Abstract

Acute genital ulcerations and Lipschütz ulcus: differential diagnosis and treatment Lipschütz ulcus is a rare cause of acute genital ulceration. It mostly occurs in female patients of adolescent age and even in young children. In contrast to some of the more frequent causes of genital ulcerations, it is non-sexually related. It presumably occurs as a reaction to a non-genital infection and may thus also occur in virgins. It is mostly associated with an Epstein-Barr virus infection, but other pathogens such as influenza or the coronavirus can also cause this kind of reaction. When a patient presents with acute genital ulcerations, Lipschütz ulcus should be considered in the differential diagnosis. It is a diagnosis by exclusion since no specific diagnostic test is available. In order to distinguish between the different causes of genital ulcerations, it is important to perform a thorough sexual anamnesis, to be alert for possible signs of sexual abuse, to ask the patient about recent flu-like symptoms and to screen for the presence of extragenital lesions.
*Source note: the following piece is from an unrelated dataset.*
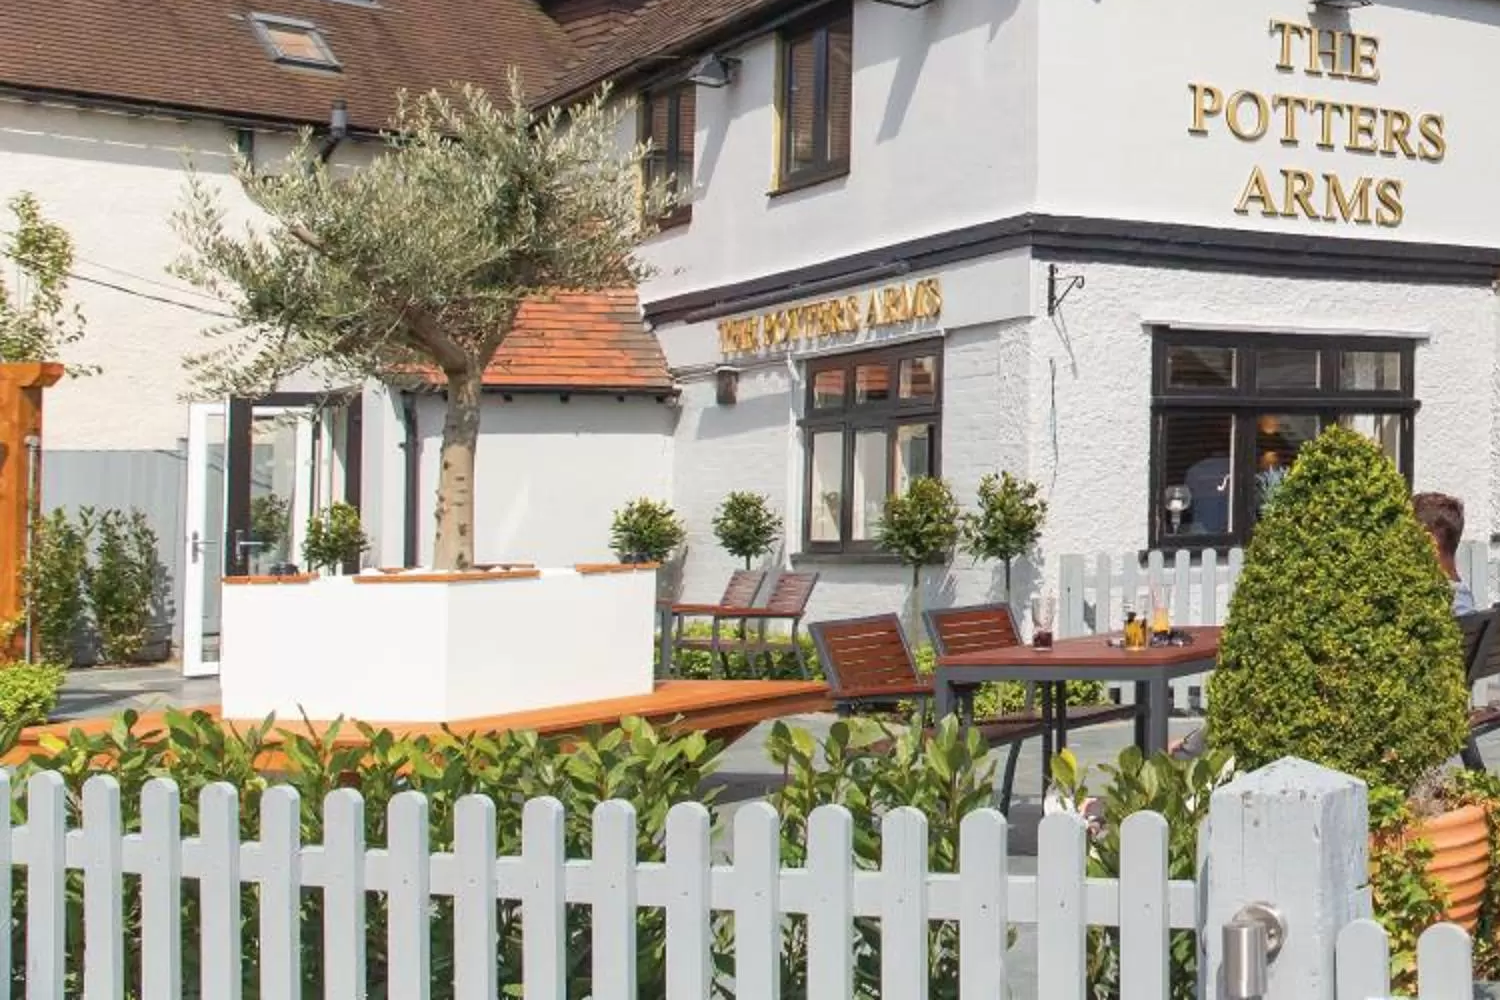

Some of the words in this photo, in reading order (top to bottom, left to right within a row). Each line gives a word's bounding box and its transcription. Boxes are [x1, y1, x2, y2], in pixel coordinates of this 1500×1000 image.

[1269, 18, 1381, 84] THE
[1187, 83, 1447, 162] POTTERS
[1233, 165, 1404, 228] ARMS
[864, 279, 943, 329] ARMS
It is a self-limiting condition. The lesions heal spontaneously after a couple of weeks. The treatment is supportive, consisting of analgesia and the prevention of secondary complications such as a bacterial superinfection, urinary retention due to dysuria or scarring. In severe cases with extensive lesions and/or insufficient pain control by other means, a treatment with corticosteroids may be considered, preferably topically.